▶ _What the task requires_
What you return must match the records word for word, except that images are dropped.
··· Records for the exercise
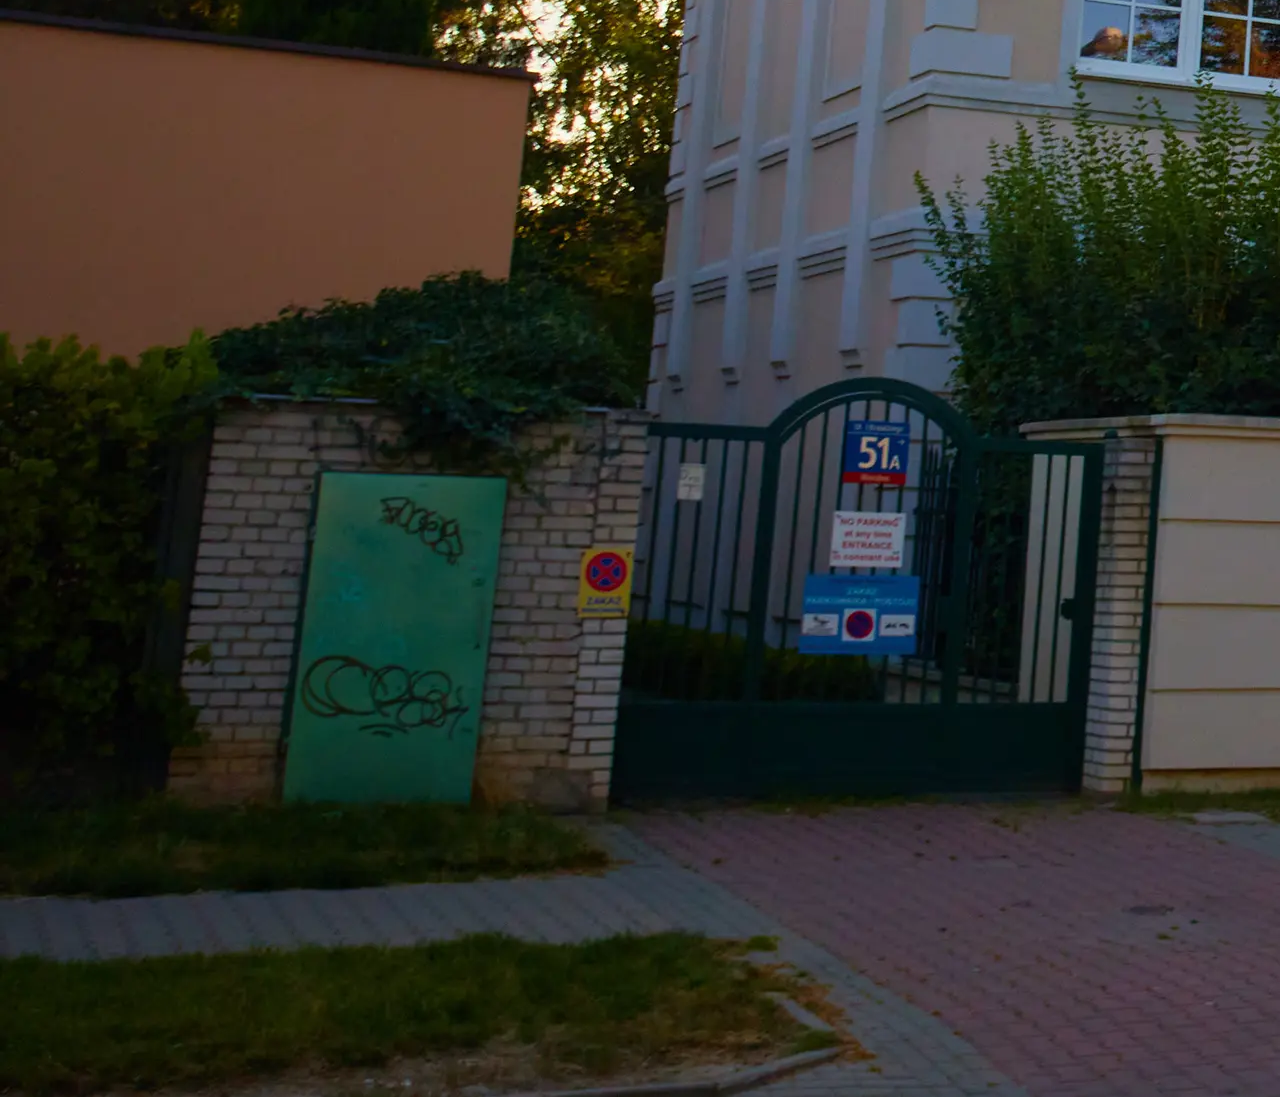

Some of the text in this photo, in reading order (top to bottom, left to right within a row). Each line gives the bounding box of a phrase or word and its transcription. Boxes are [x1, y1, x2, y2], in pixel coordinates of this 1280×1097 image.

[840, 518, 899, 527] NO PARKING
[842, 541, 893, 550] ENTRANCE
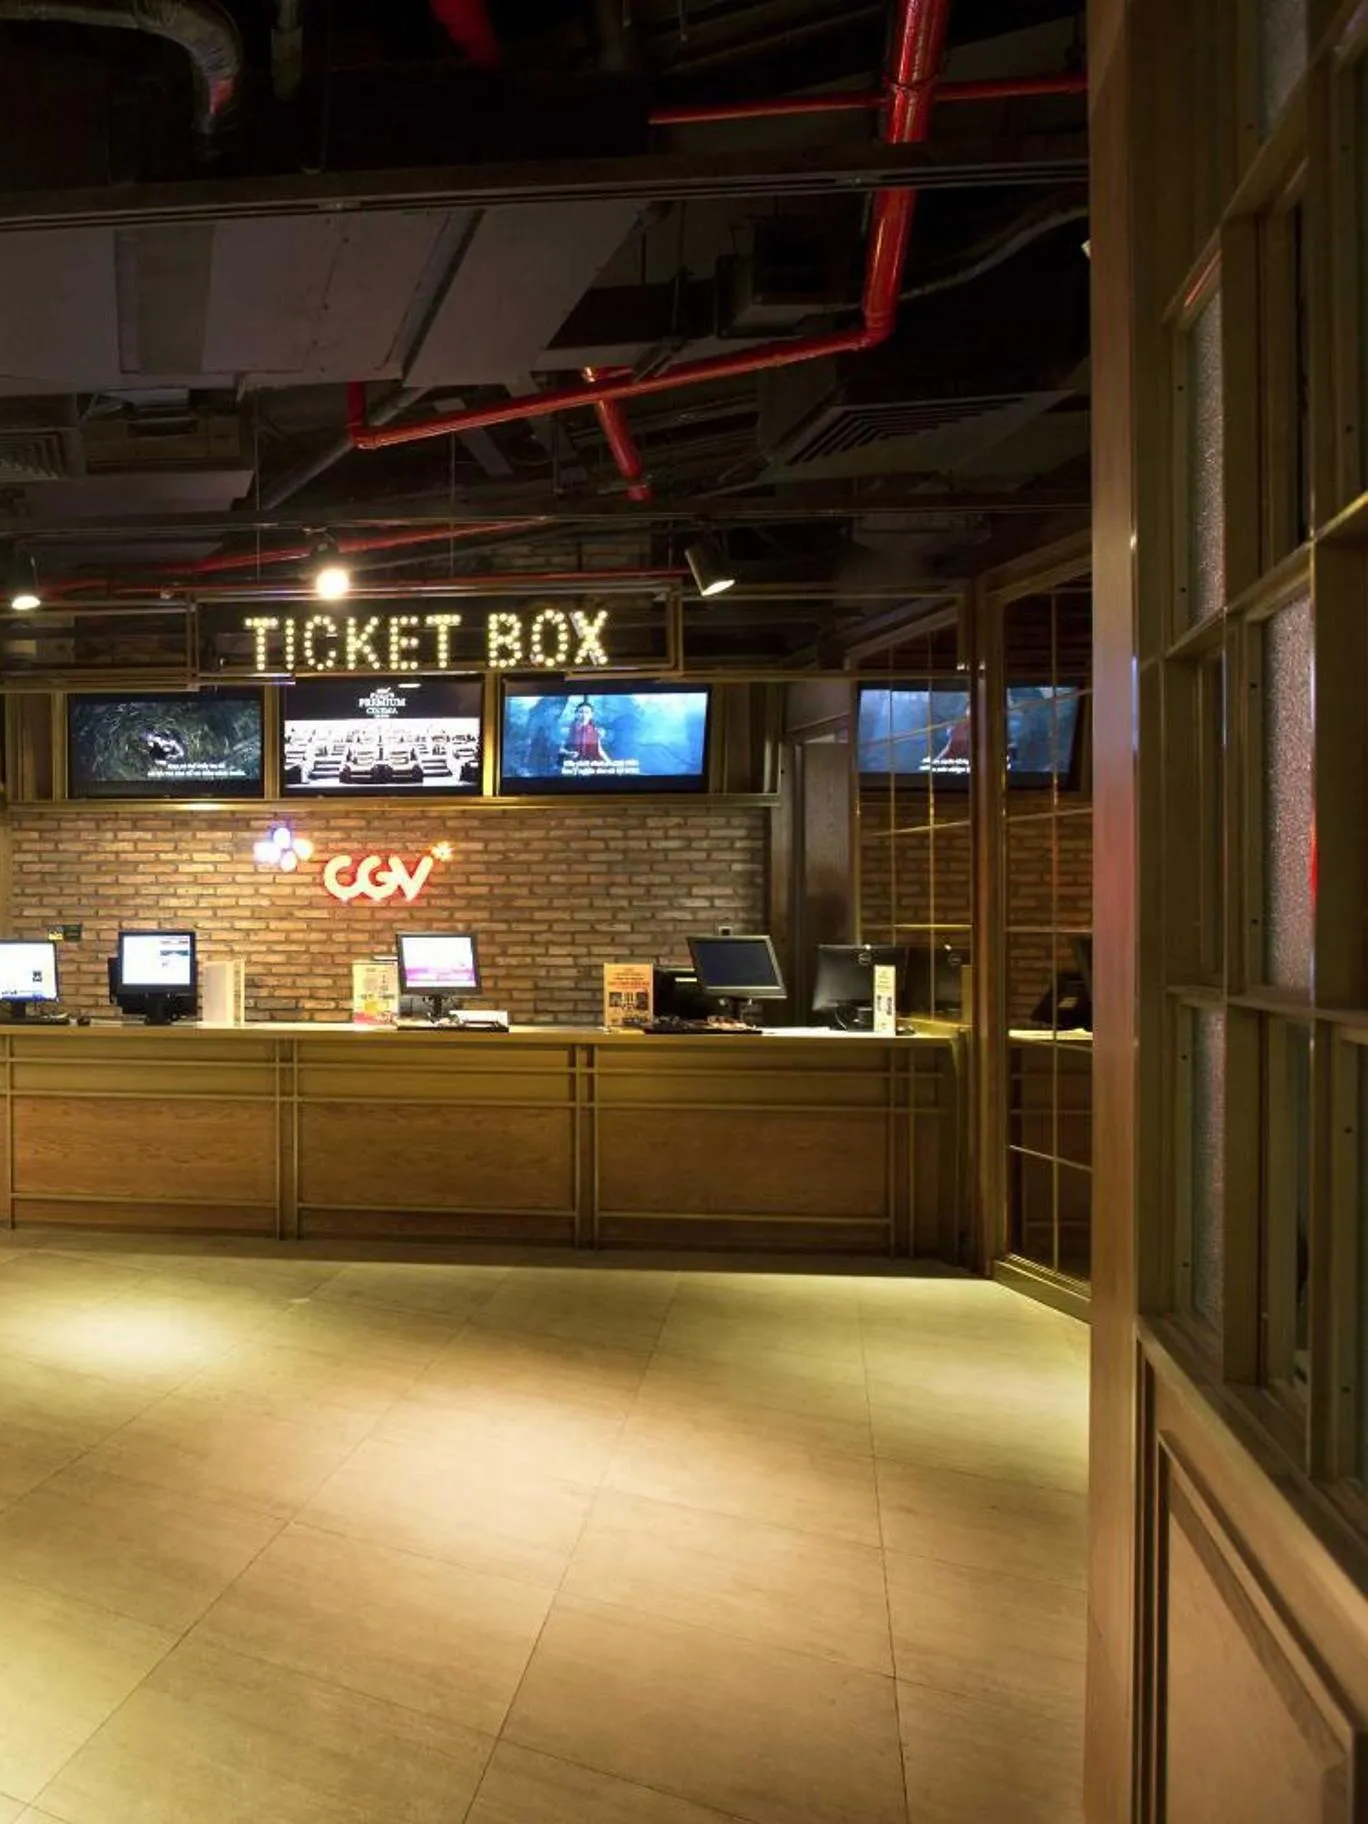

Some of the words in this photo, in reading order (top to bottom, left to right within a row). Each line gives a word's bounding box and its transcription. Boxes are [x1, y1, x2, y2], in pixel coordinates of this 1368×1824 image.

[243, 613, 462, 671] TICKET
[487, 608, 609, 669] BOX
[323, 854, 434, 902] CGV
······
▶ _Written solution_
Some of the text in this photo, in reading order (top to bottom, left to right within a row). Each line gives the bounding box of a phrase or word and its transcription. Boxes are [x1, y1, x2, y2], in pixel coordinates of this 1280×1097 image.

[840, 518, 899, 527] NO PARKING
[842, 541, 893, 550] ENTRANCE

Some of the words in this photo, in reading order (top to bottom, left to right within a row). Each line gives a word's bounding box and its transcription. Boxes are [x1, y1, x2, y2], in pixel coordinates of this 1368×1824 image.

[243, 613, 462, 671] TICKET
[487, 608, 609, 669] BOX
[323, 854, 434, 902] CGV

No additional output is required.